If she has SVD is it inevitable that this will eventually develop into a dementia ? is Sertraline a known drug to hinder memory ? sorry for all the questions but im panicking in case we just get discharged and are left in limbo again. Dad needs some undertsanding and reassurance (they both nursed my mums mum and my mums older sister through alzheimers – hence my dads concern) thank you
Nicole Didyk, MD says
Hi Elaine. Let me go through your questions.
1. Small vessel disease is covered by Dr. K here, and in this podcast.
2. Mild cognitive impairment is on the spectrum of brain changes with aging. I describe it as when brain performance is worse than it should be for age (and usually results in an impaired score on a screening test, like the MoCA), but does not interfere with day to day function. That is, the person can still do everything they need to do to manage life (cook, pay bills, drive, manage medications, etc.). Mild cognitive impairment can be caused by SVD, and we would refer to that as Vascular MCI.
3. MCI does not inevitably lead to dementia. Five years after diagnosis with MCI, about 30-40% of people will meet criteria for dementia, whereby there IS a functional decline (that is, a person will have difficulty with day to day life related to their brain changes).
4. Sertraline is a selective serotonin re-uptake inhibitor (SSRI), used to treat anxiety and depression. It has some anticholinergic properties, but is not known to be as potentially harmful to brain function as some older antidepressants. If your mom was depressed, the sertraline may actually appear to sharpen her thinking.
5. You mention that your mom is repetitive, and seems to have changes in her insight into her behaviour, which is a characteristic that is often seen in dementia, particularly Alzheimer’s disease. Anxiety can also lead someone to be repetitive. For my patients with Alzheimer’s, or MCI I usually recommend contacting the Alzheimer Society for tips on how to best respond to the repetition behaviour.
Barbara says
i’m so happy I found you. Where would I find information regarding the % of chance to have dementia when a parent had it.
I’m 77 now and still work from home and have no problems at this time.
Warm Regards,
Barbara Gene
Nicole Didyk, MD says
Hi Barbara. In general, having a first degree blood relative (mother, father, sibling) who develops dementia later in life (after age 60), doubles the lifetime risk for getting dementia.

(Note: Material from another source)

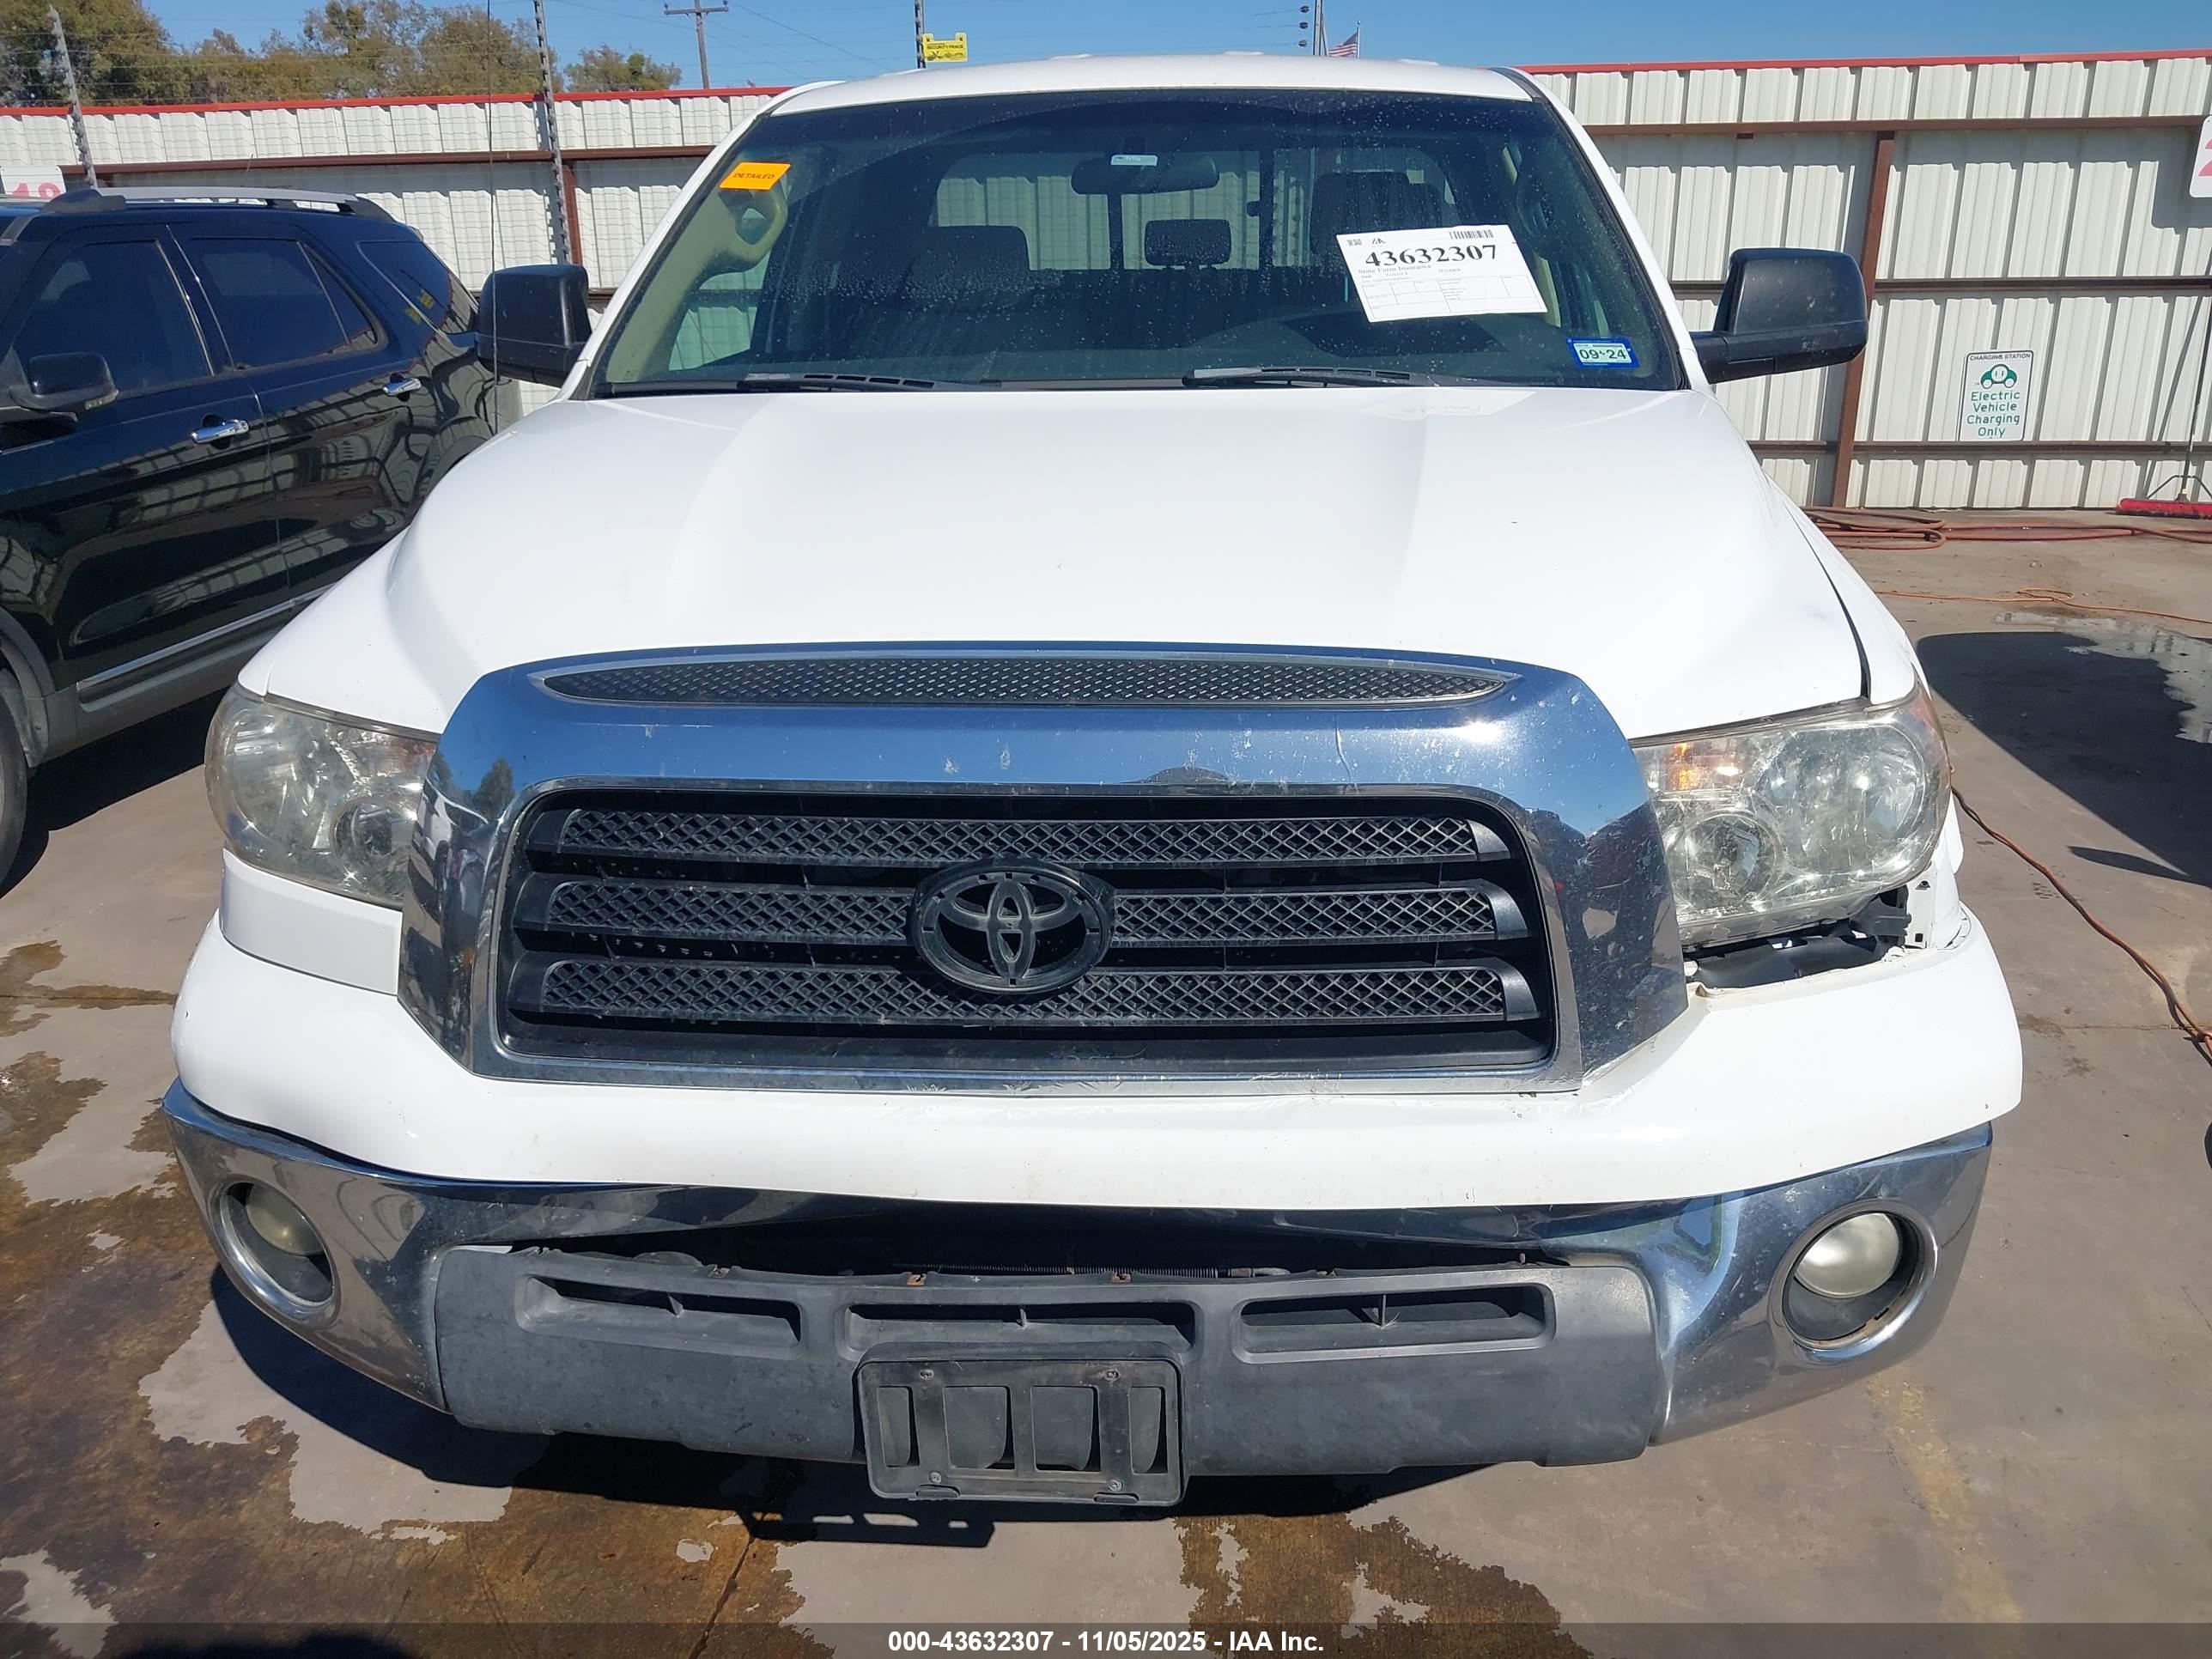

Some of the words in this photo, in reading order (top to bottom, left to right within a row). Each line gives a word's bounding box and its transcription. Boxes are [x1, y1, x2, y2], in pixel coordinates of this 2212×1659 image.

So, the general population has about a 10% lifetime risk, and if you have a first degree relative with dementia, you have a 20% lifetime risk. If the relative developed dementia at an earlier age, the risk is about four times that of normal.
I’m saying “dementia”, and it’s important to point out that there are many causes of dementia, including Alzheimer’s disease, frontotemporal dementia, vascular dementia, and others, each of which is part related to heredity and part to other factors. The biggest risk factor for dementia is older age, which most of us do hope to achieve! Glad to hear you are still working and thanks for your question!